Si arriverà così al 2 ottobre, quando parimenti al ballottaggio delle elezioni presidenziali in Austria, in Ungheria si svolgerà l’ormai famoso referendum sulle quote UE. “Volete o no che l’UE possa obbligarci ad accogliere in Ungheria, senza l’autorizzazione del Parlamento ungherese, il ricollocamento forzato di cittadini non ungheresi?” è la domanda alla quale i cittadini ungheresi dovranno rispondere. L’esito del voto sembra scontato. Le quote obbligatorie non sono state accettate di buon grado dai governi e dai cittadini dell’Europa centro-orientale, ed in realtà il sistema proposto rimane complicato e poco chiaro, ed ha già dimostrato la sua inefficacia.
L’Ungheria per i migranti rappresenta un paese di transito, ma con questo sistema ogni anno dovrebbe essere stanziata una quota di migranti da accogliere. I cittadini ungheresi sono a dir poco scettici a riguardo, in parte sono preoccupati dalla possibilità di aumento di cittadini extracomunitari provenienti dal mondo arabo, persone che oggi rappresentano una piccola comunità, ma negli occhi degli ungheresi il pericolo è che il paese possa seguire lo sviluppo demografico delle grandi città dell’Europa occidentale che in pochi anni hanno visto crescere in maniera rapida la popolazione straniera ed in particolare musulmana. Sembra scontata quindi la vittoria del No.
Un referendum che però non ha un chiaro potere attuativo, infatti il parlamento non può legiferare su questo. Diventa chiaro quindi come il voto ed il quesito esposto facciano parte di un progetto politico del Fidesz per la propria lotta in seno alla UE e all’interno della scena politica nazionale. Dal risultato infatti il governo di Budapest può solo rafforzarsi, potendo così aumentare la pressione nei confronti di Bruxelles ed isolare maggiormente le opposizioni ungheresi.

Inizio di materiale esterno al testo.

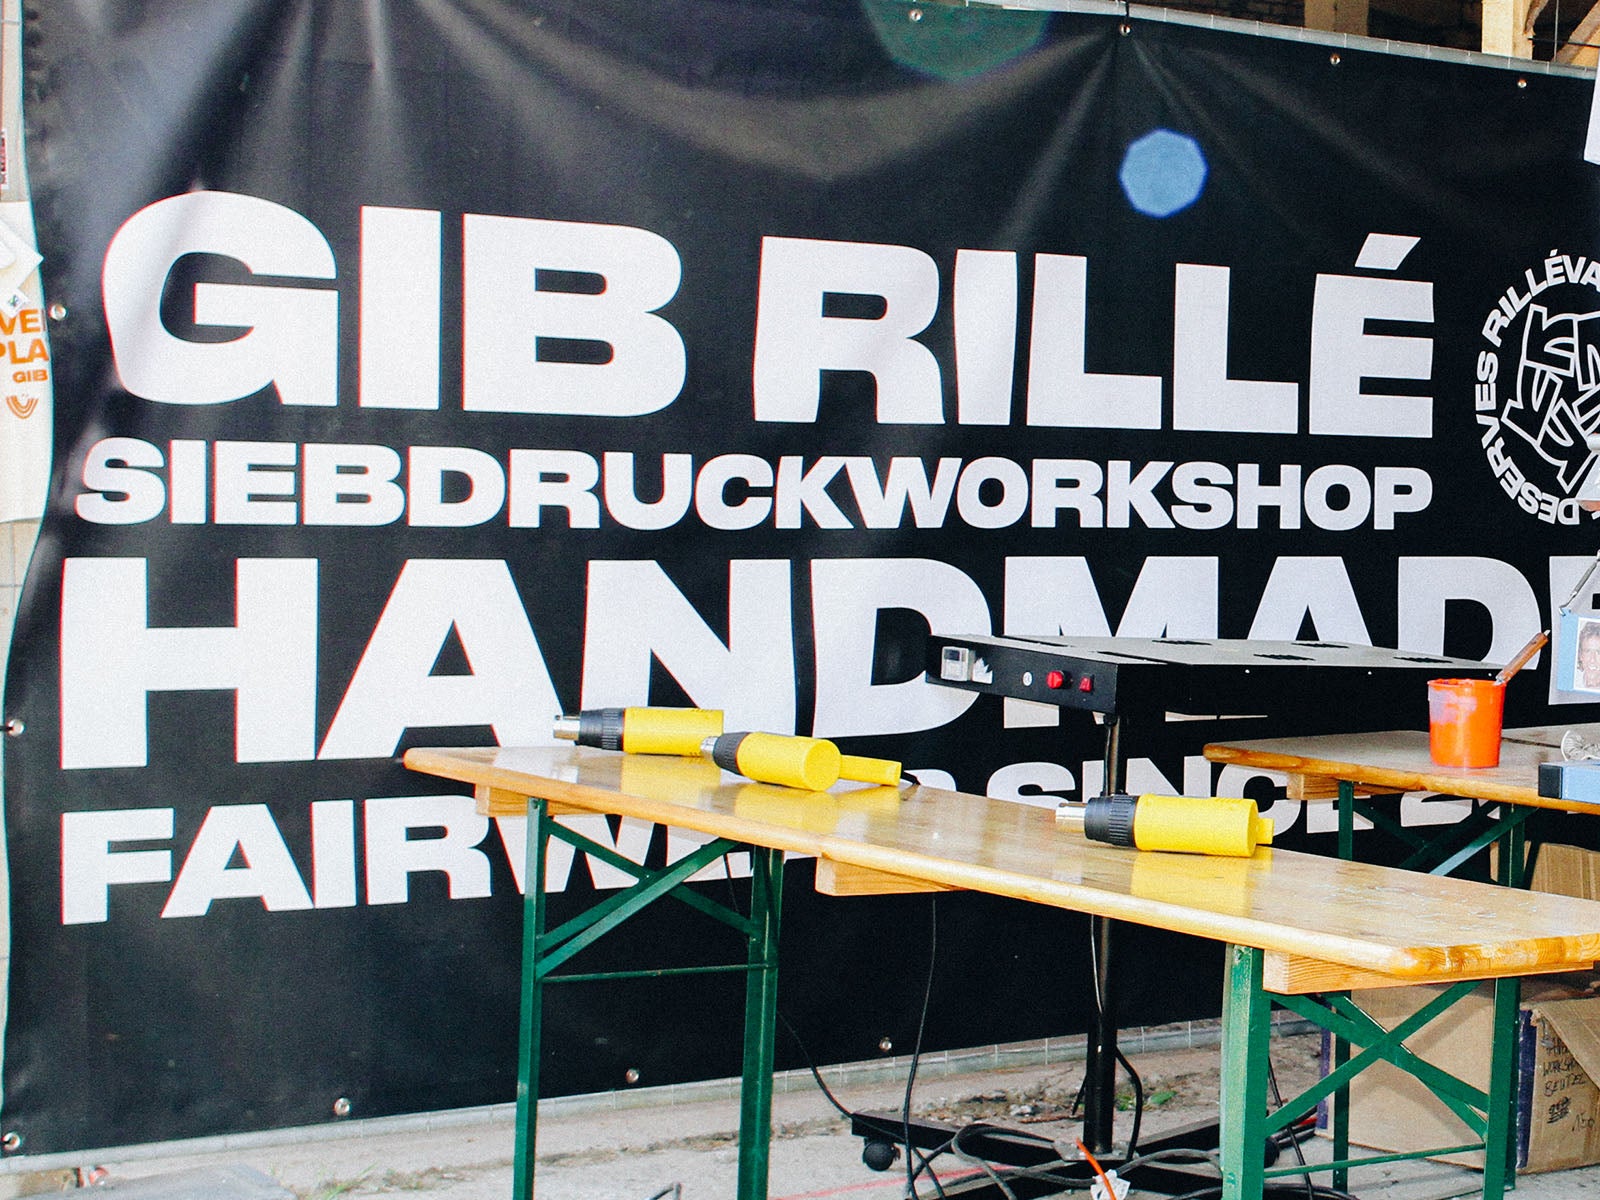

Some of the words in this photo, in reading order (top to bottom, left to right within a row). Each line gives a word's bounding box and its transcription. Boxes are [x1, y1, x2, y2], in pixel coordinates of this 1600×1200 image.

[12, 368, 48, 383] GIB
[103, 190, 688, 417] GIB
[752, 233, 1434, 439] RILLÉ
[75, 437, 1433, 530] SIEBDRUCKWORKSHOP
[1475, 351, 1580, 526] DESERVES

Sono proprio i partiti di opposizione quelli più in difficoltà. Se è chiara l’indicazione di voto dello Jobbik (destra radicale) che sosterrà il No e voterà come il Fidesz, è nei partiti della sinistra che non c’è una posizione comune.

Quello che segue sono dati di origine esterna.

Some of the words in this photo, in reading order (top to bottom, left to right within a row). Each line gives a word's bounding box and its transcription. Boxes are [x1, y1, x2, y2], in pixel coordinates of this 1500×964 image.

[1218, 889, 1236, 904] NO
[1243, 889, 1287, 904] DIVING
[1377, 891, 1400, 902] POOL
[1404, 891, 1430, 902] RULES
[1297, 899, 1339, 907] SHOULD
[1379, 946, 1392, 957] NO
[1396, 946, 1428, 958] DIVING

Per il Sì è schierato solamente il piccolo Partito liberale (MLP) che cerca di acquisire visibilità nonostante una sconfitta certa. Gli altri partiti si dividono tra chi preferisce boicottare la tornata elettorale, il centro-sinistra (DK-Egyutt-MSZP), cercando quindi di invalidare il voto con una bassa affluenza, e chi invece propone di annullare la scheda elettorale. Tra questi ultimi c’è non solo MKKP, partito satirico che ha avviato una nuova campagna per rispondere alla propaganda del governo, ma anche il Comitato Helsinki che ha deciso di prendere una decisione forte su un voto politico nazionale, posizione inusuale per una ONG internazionale. Ma a sinistra ci sono anche altre posizioni. LMP, i verdi, criticano la politica dell’Unione ma anche la forma e la propaganda del governo e quindi probabilmente lasceranno libertà di scelta tra il No e l’astensionismo. Mentre il piccolo Partito Operaio Ungherese (membro della Sinistra europea fino al 2009) si è schierato contro l’ “aggressione della UE” e sostiene il fronte del No.
Ufficialmente la campagna elettorale partirà il primo settembre, ma già da alcune settimane il paese è invaso da cartelloni propagandistici del governo contro le scelte di Bruxelles. Una campagna, sia attraverso i cartelloni che nelle televisioni, dai toni allarmistici e dai contenuti aggressivi che non aiuta lo sviluppo di un dibattito “civile” su un tema così importante e delicato. Per alcuni osservatori il 2 ottobre potrebbe essere una data fondamentale per il futuro della UE, il voto in Ungheria e quello in Austria potrebbero colpire la fragile “baracca” istituzionale dell’Unione, uscita già in affanno dalla Brexit. Quello che è certo è che il referendum ungherese avrà principalmente due significati: il primo riguarda la stessa struttura della UE ed il futuro della politica di accoglienza; il secondo definirà i rapporti di forza interni alla politica ungherese, probabilmente ancora una volta a favore di Fidesz. In entrambi i casi non sarà decisivo tanto il risultato dei No, quanto piuttosto la partecipazione al voto e il numero delle schede valide.